- Input for this task -
------------------------------------------------------------

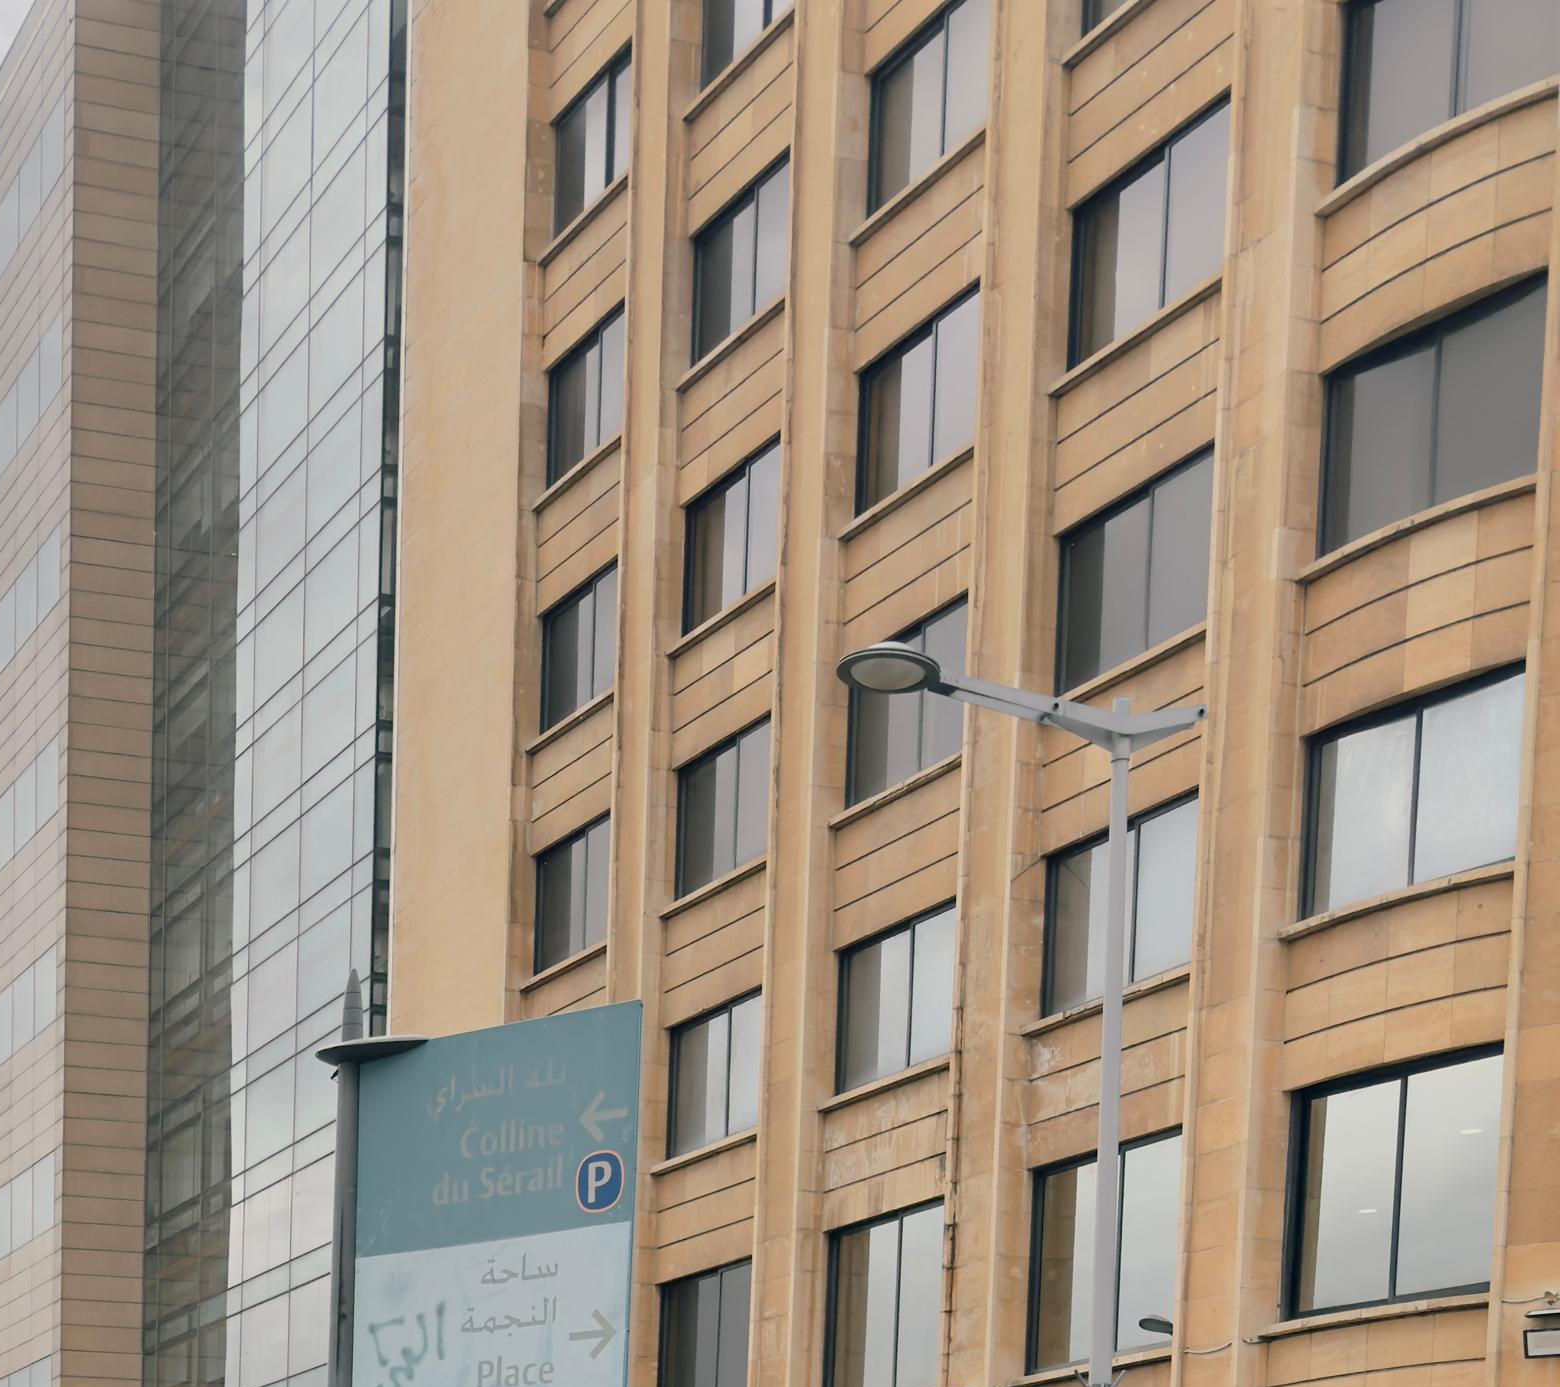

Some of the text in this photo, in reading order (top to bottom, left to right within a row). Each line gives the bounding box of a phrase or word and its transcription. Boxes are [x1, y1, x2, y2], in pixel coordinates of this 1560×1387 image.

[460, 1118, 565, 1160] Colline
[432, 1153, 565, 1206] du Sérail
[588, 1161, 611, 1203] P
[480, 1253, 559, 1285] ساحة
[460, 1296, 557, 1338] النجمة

------------------------------------------------------------

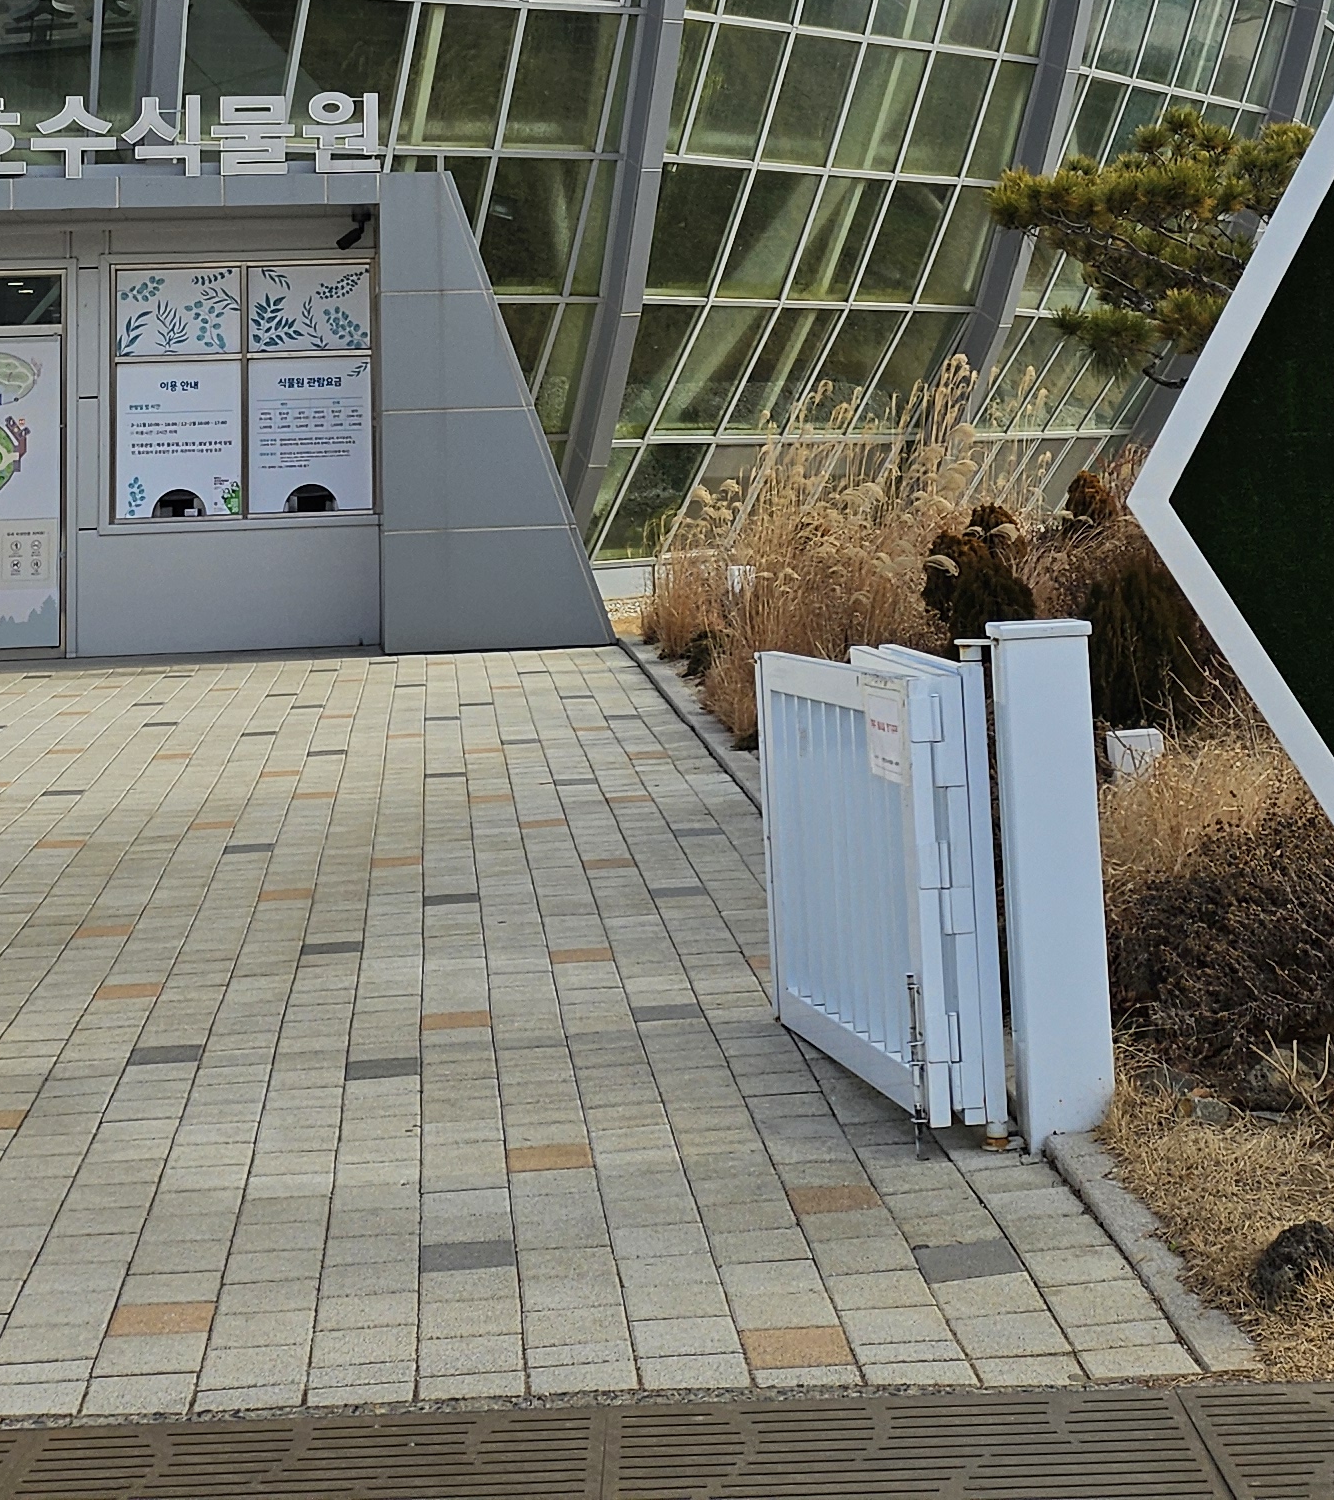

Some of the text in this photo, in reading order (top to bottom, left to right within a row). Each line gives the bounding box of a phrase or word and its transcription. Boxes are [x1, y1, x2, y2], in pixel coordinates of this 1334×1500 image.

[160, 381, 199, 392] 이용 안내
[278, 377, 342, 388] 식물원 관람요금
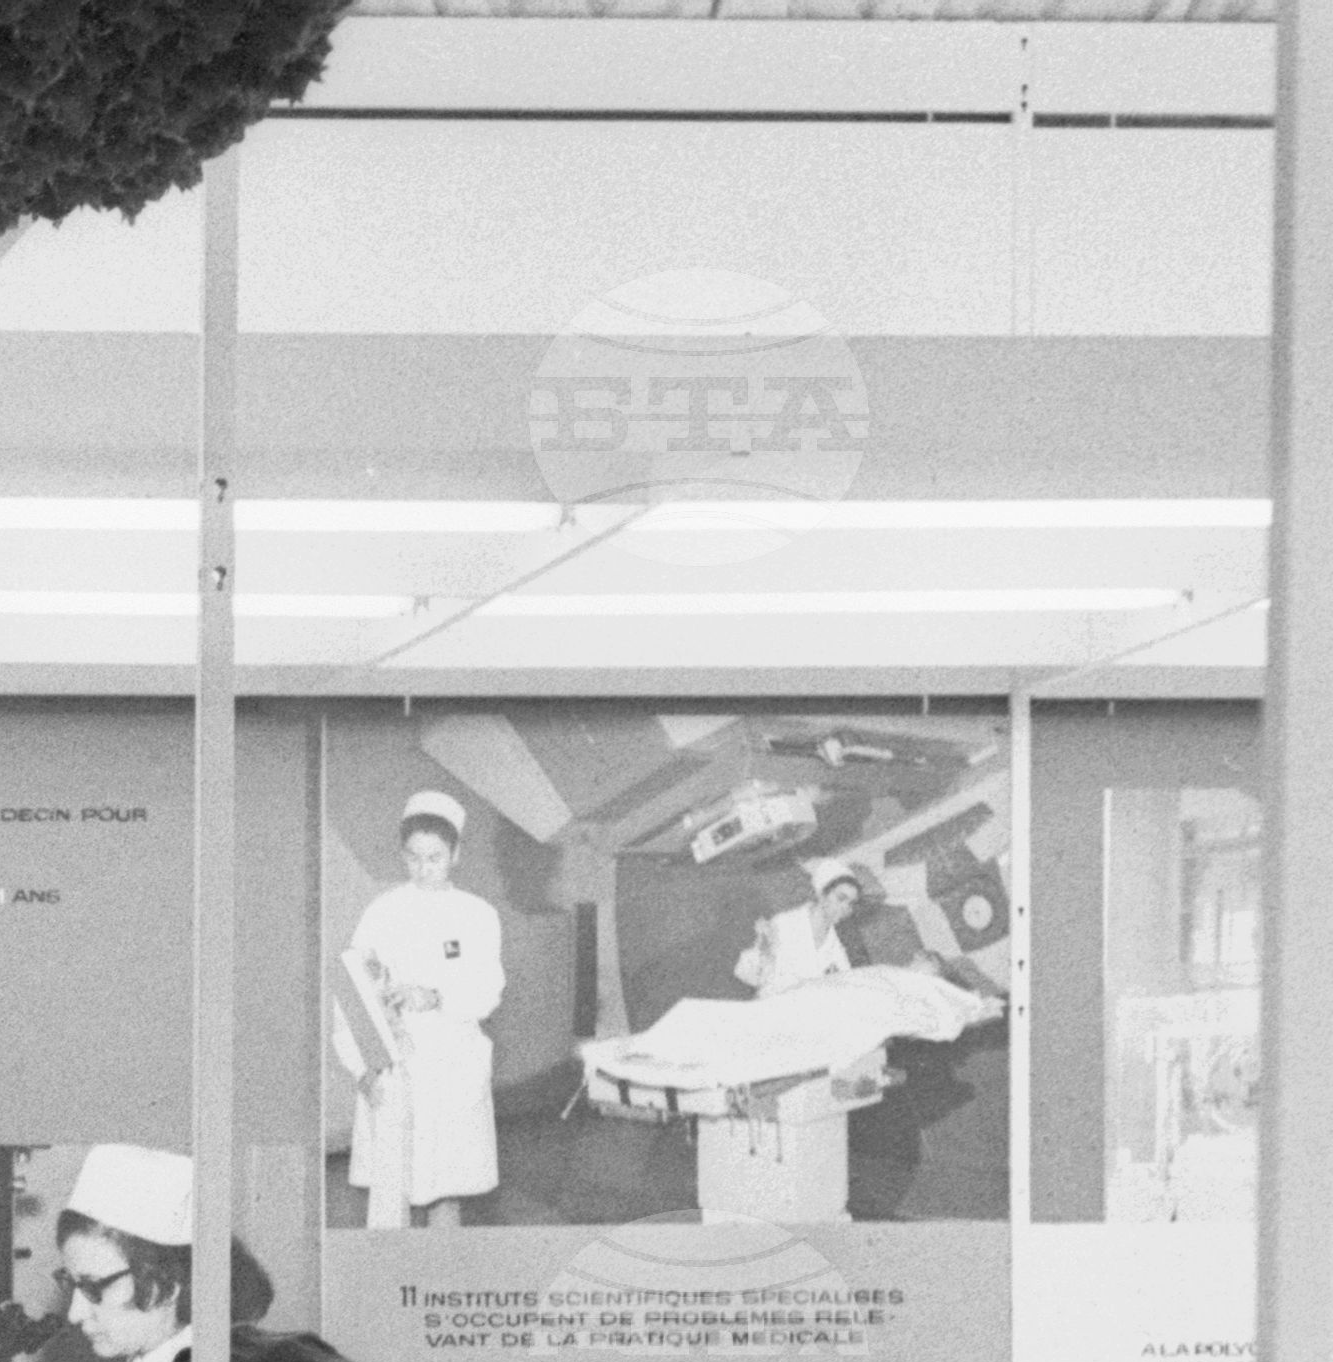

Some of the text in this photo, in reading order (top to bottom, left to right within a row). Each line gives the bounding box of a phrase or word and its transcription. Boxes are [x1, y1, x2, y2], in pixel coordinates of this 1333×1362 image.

------------------------------------------------------------

Copy only this from above: the line containing "this 1334×1500 image.", the line containing "this 1333×1362 image.", and all lines between, printed exactly. Leave out the pictures.

- Task result -
Some of the text in this photo, in reading order (top to bottom, left to right within a row). Each line gives the bounding box of a phrase or word and its transcription. Boxes are [x1, y1, x2, y2], in pixel coordinates of this 1334×1500 image.

[160, 381, 199, 392] 이용 안내
[278, 377, 342, 388] 식물원 관람요금

Some of the text in this photo, in reading order (top to bottom, left to right within a row). Each line gives the bounding box of a phrase or word and its transcription. Boxes are [x1, y1, x2, y2], in pixel coordinates of this 1333×1362 image.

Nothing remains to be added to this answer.